------ Given data

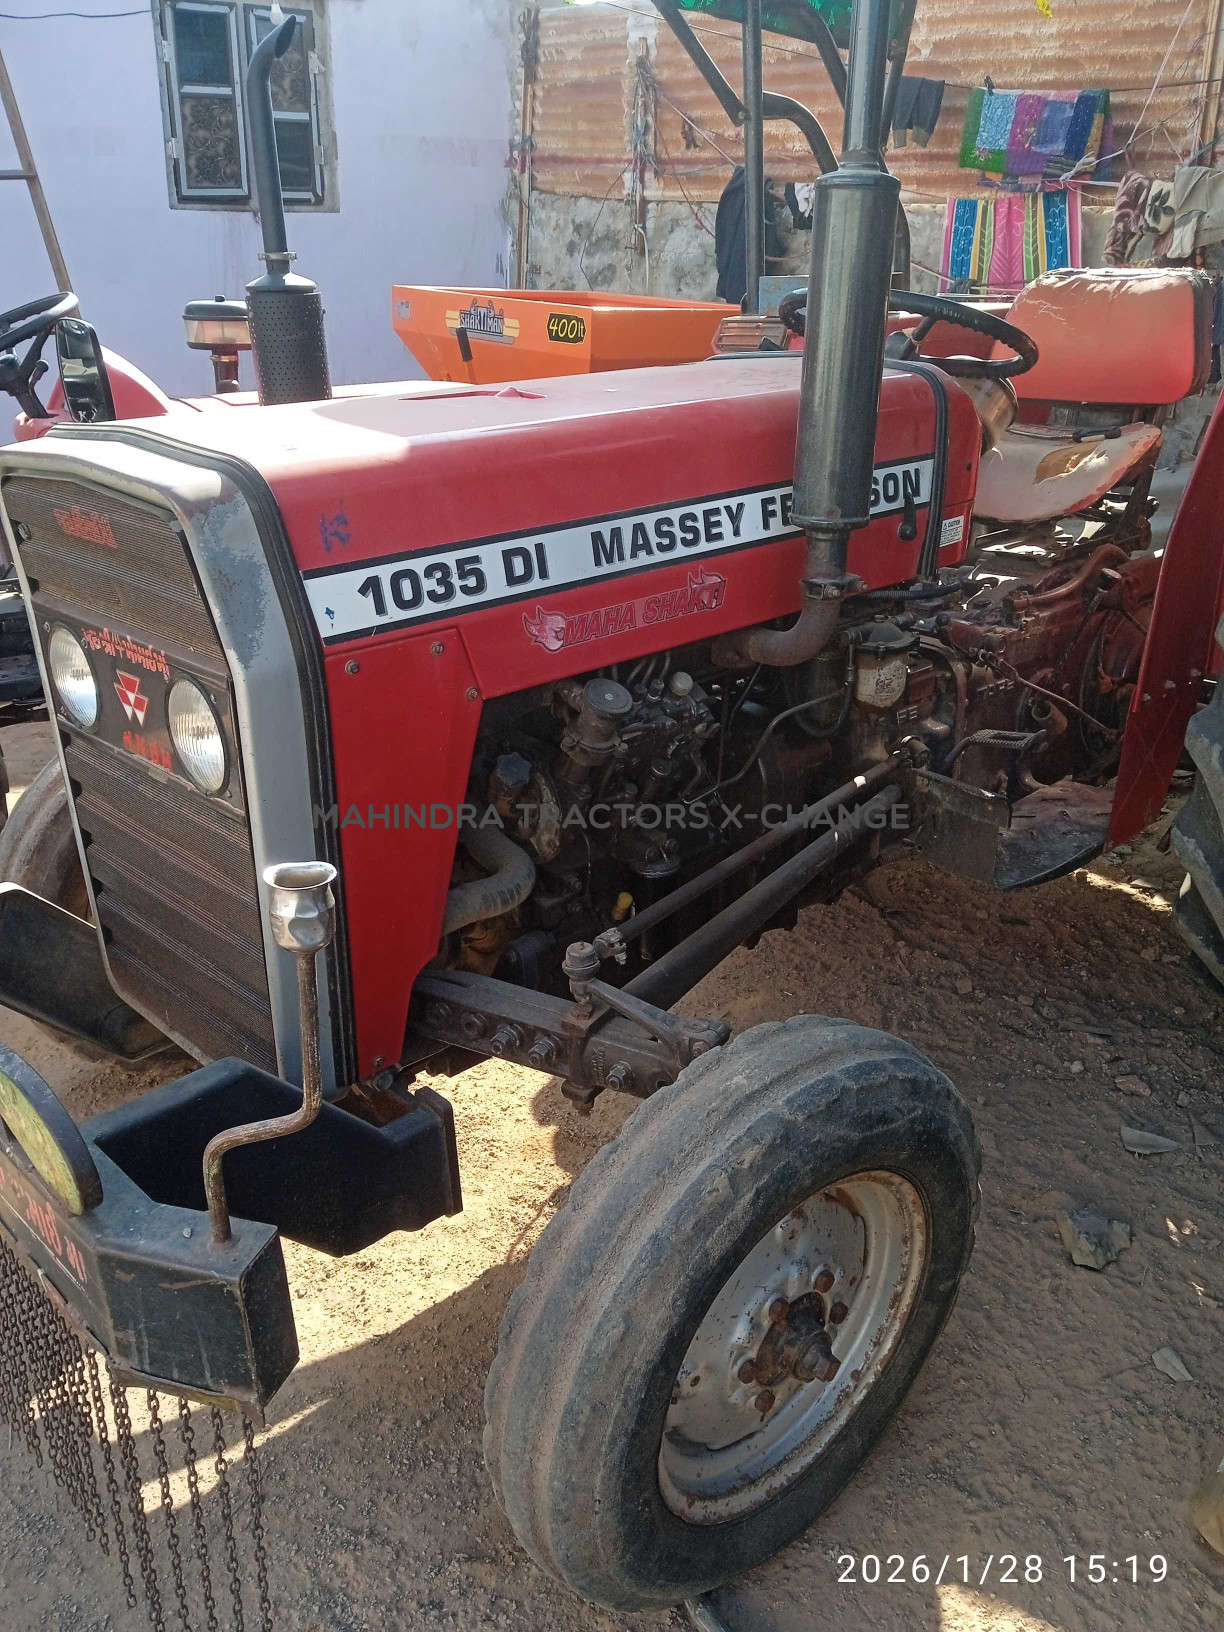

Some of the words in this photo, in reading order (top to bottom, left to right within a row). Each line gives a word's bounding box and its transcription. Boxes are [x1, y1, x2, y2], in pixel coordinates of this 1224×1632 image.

[460, 307, 503, 333] SHAKTIMAN
[357, 554, 488, 617] 1035
[501, 542, 550, 588] DI
[590, 503, 746, 568] MASSEY
[760, 467, 921, 531] FESON
[563, 602, 637, 647] MAHA
[642, 579, 726, 624] SHAKTI
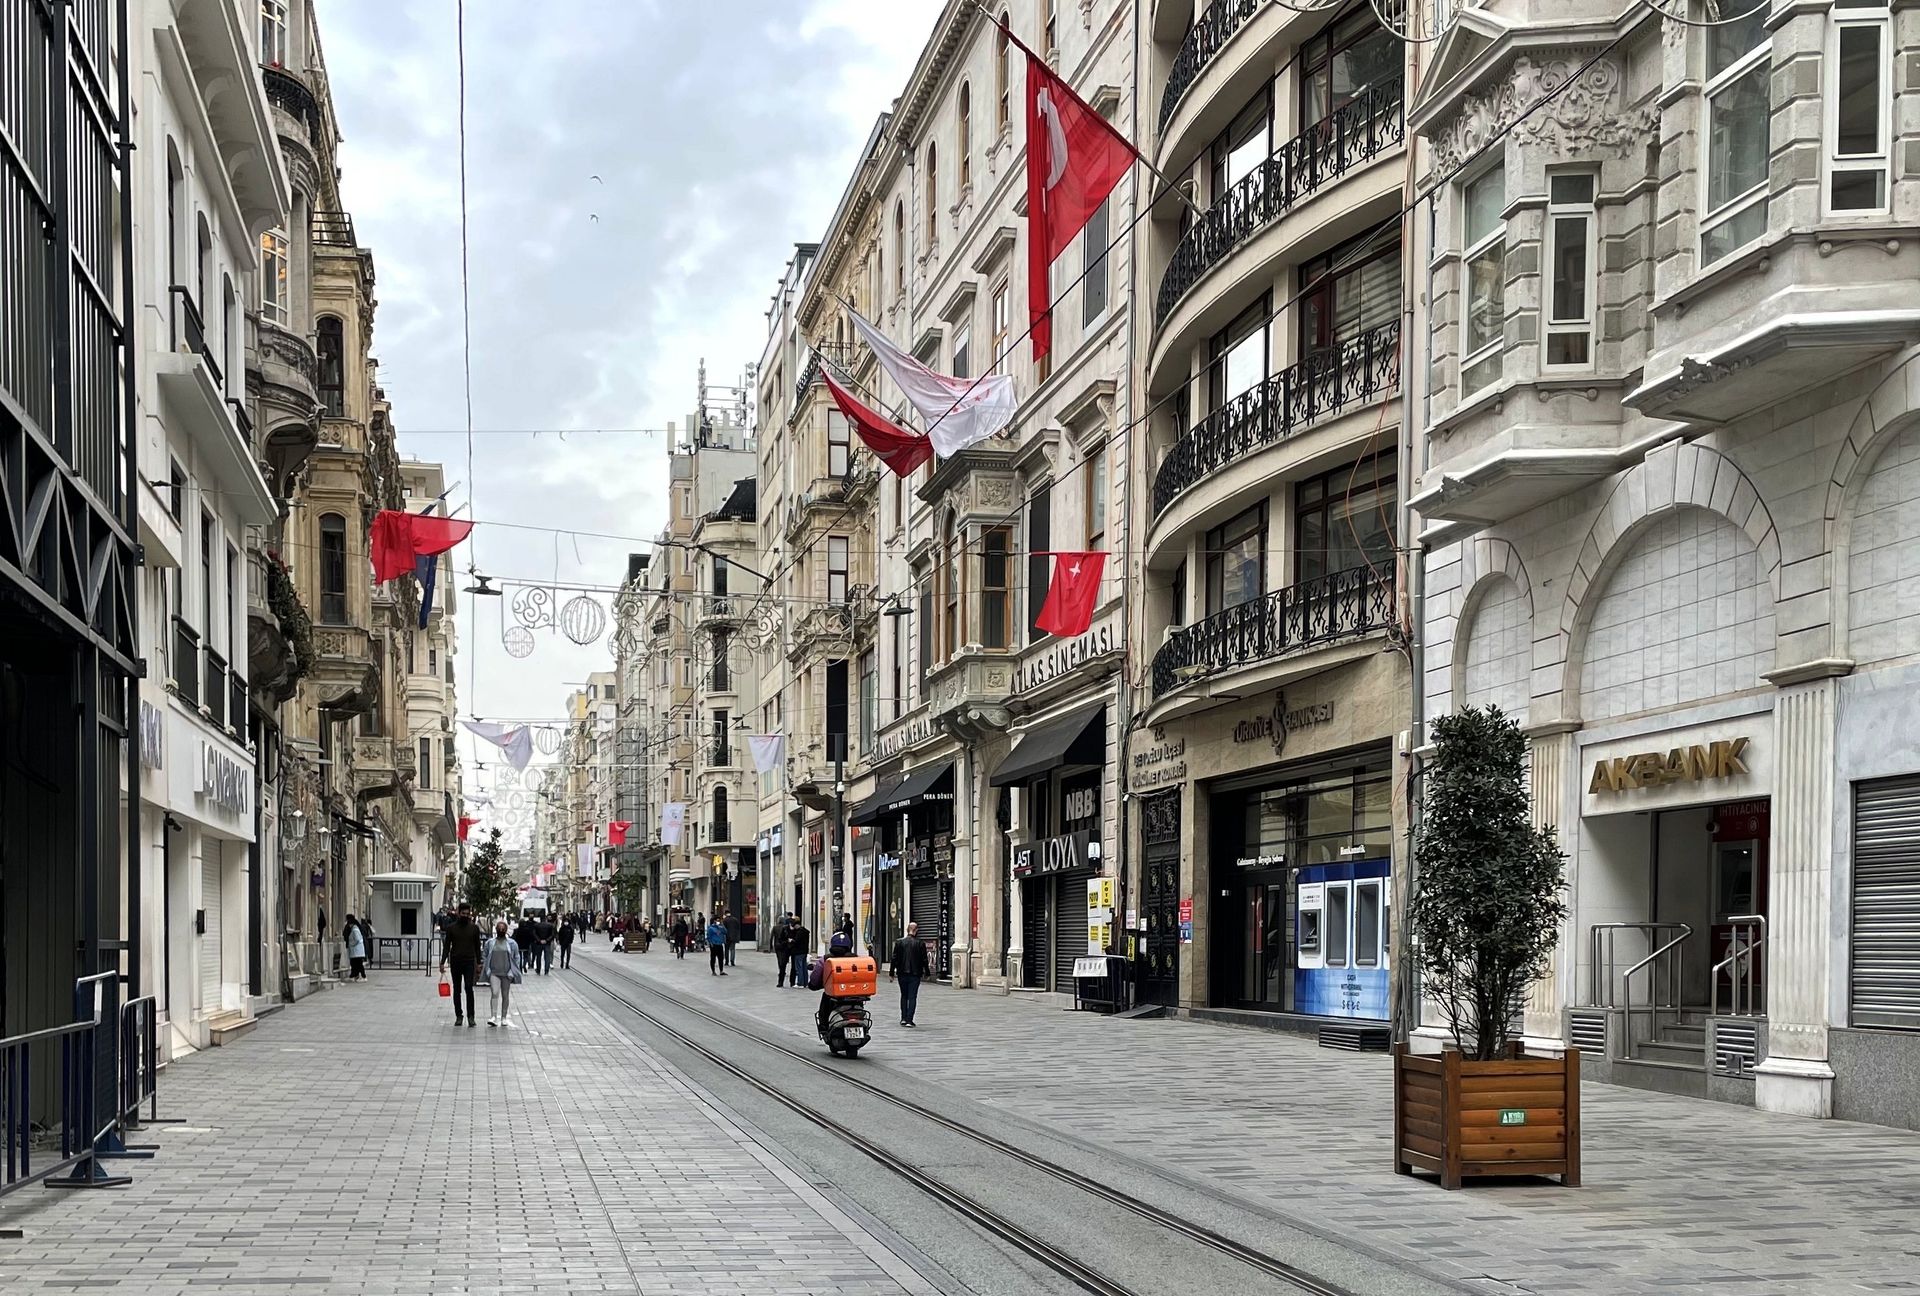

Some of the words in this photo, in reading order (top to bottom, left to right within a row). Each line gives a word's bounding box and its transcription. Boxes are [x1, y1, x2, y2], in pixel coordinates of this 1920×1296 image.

------------

# Exercise requirements:
Please return the entries above exactly as they appear, but without the pictures.

# Final answer:
Some of the words in this photo, in reading order (top to bottom, left to right within a row). Each line gives a word's bounding box and its transcription. Boxes are [x1, y1, x2, y2], in pixel coordinates of this 1224×1632 image.

[460, 307, 503, 333] SHAKTIMAN
[357, 554, 488, 617] 1035
[501, 542, 550, 588] DI
[590, 503, 746, 568] MASSEY
[760, 467, 921, 531] FESON
[563, 602, 637, 647] MAHA
[642, 579, 726, 624] SHAKTI

Some of the words in this photo, in reading order (top to bottom, left to right within a row). Each line gives a word's bounding box and its transcription. Boxes are [x1, y1, x2, y2], in pixel coordinates of this 1920×1296 image.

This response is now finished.